Tourism industry stakeholders in India are looking forward to the return of international visitors following the government’s recent decision to resume issuing tourist visas after 1.5 years of suspension due to the pandemic.
India began granting tourist visas to foreign travellers arriving on chartered flights from October 15, while visas for those on regular commercial flights will be granted from November 15.
The inbound stakeholders have been appealing to the government to reopen borders to international tourists and begin issuance of tourist visas with the pandemic situation improving and vaccination rates picking up. With international tourism flows at a standstill for 19 months, it has resulted in severe financial distress among tourism and hospitality players.
Dipak Deva, managing director, Travel Corporation of India, heartily welcomed the government’s announcement on the restart of tourist visa issuance.
“This, coupled with the earlier announcement of free visas for the first 500,000 inbound tourists, is a critical move that will give fillip and accelerate a much-needed revival of inbound tourism,” he said.
He noted that the sector plays a critical role in the country’s economy, with more than nine per cent contribution to India’s GDP and US$30 billion in net foreign exchange receipts, while also helping to create jobs.
Finance minister Nirmala Sitharaman earlier this year had announced once the tourist visa issuance for international travel is restarted, the first 500,000 tourists will be issued visas free of charge. The benefit that will be available only once per tourist will be applicable till March 31, 2022.
A section of tour operators said that with India reopening for international tourism, now is the time to reposition the destination to suit present demands.

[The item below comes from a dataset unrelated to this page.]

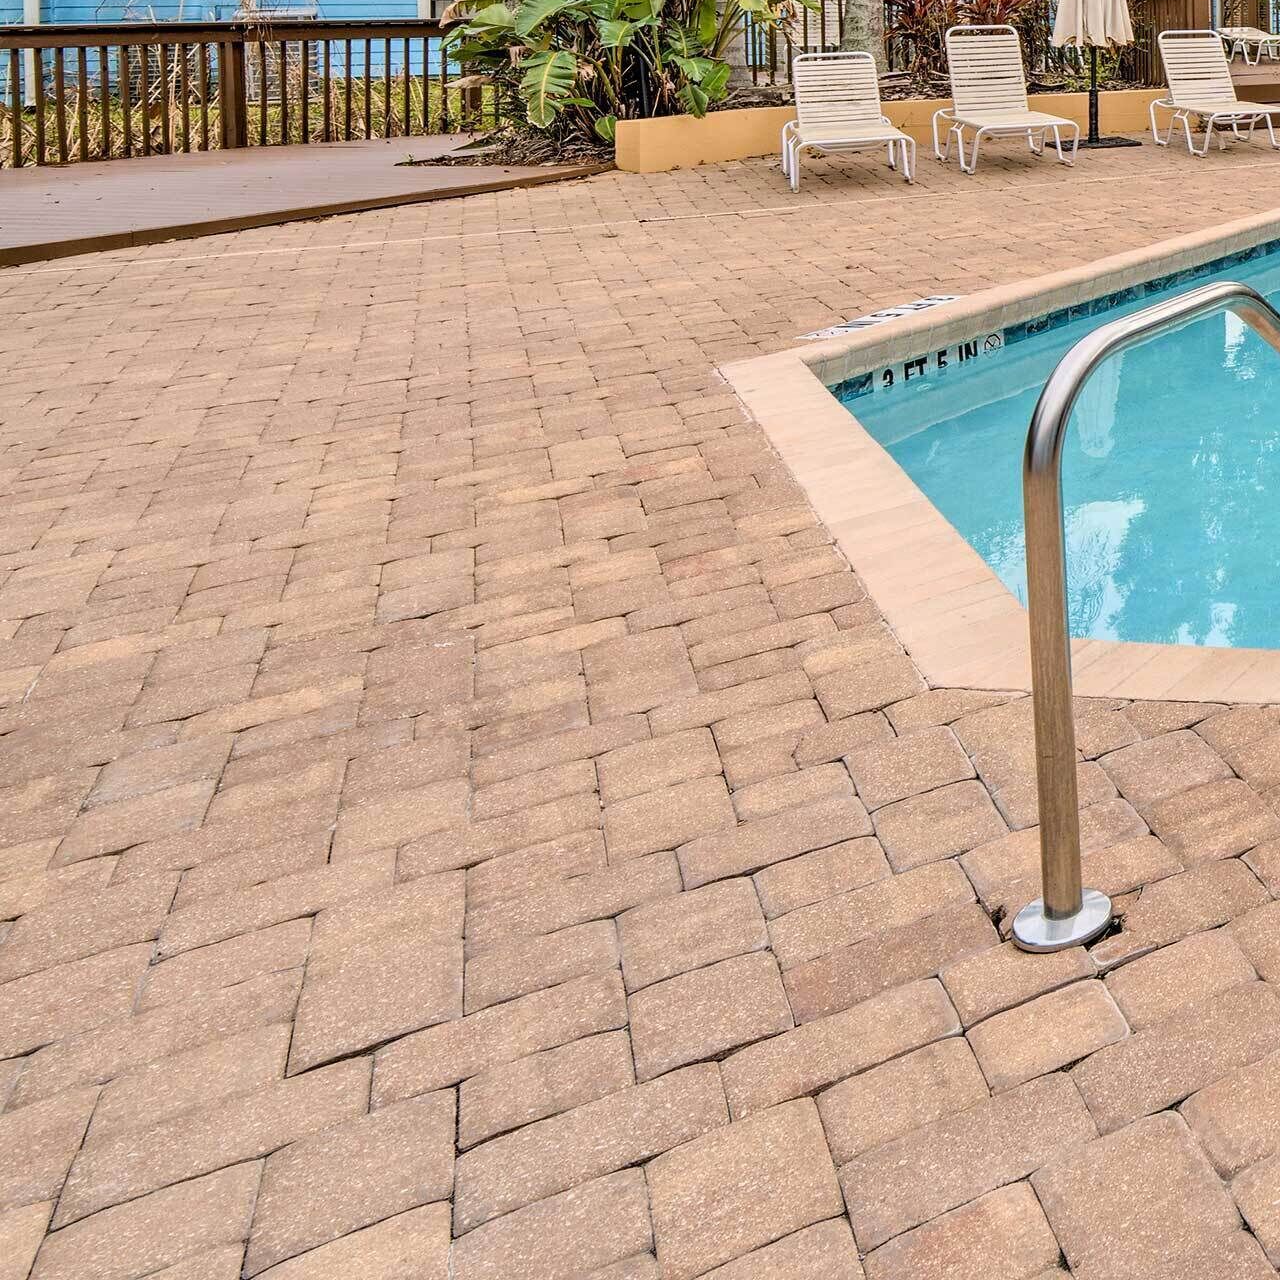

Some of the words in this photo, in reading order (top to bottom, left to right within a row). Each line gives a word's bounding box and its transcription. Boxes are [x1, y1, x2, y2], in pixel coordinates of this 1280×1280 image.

[882, 368, 894, 388] 3
[904, 356, 928, 381] FT
[937, 349, 949, 369] 5
[958, 339, 978, 362] IN

“Tour operators have to now think of out-of-the-box ideas, keeping in mind the evolving demands of today’s travellers,” said Debjit Dutta, CEO of Impression Tourism Services.
“Traditionally, India has been promoted as a rich cultural destination. However, now tourists are more inclined towards natural and remote destinations. So, we have to highlight niche experiences like village tourism, keeping in mind best cleanliness and sanitisation practices.”
Dutta added that while the Incredible India campaign has been “extremely successful”, the campaign now needs to focus on highlighting less-traversed regional destinations like East India and North-east India.
He elaborated: “These regions offer rich natural experiences and are unexplored. Focusing on lesser-known destinations in international markets will also help us to draw more tourists besides ensuring that inbound tourist arrivals in India are not just confined to already popular destinations like Golden Triangle and Kerala.”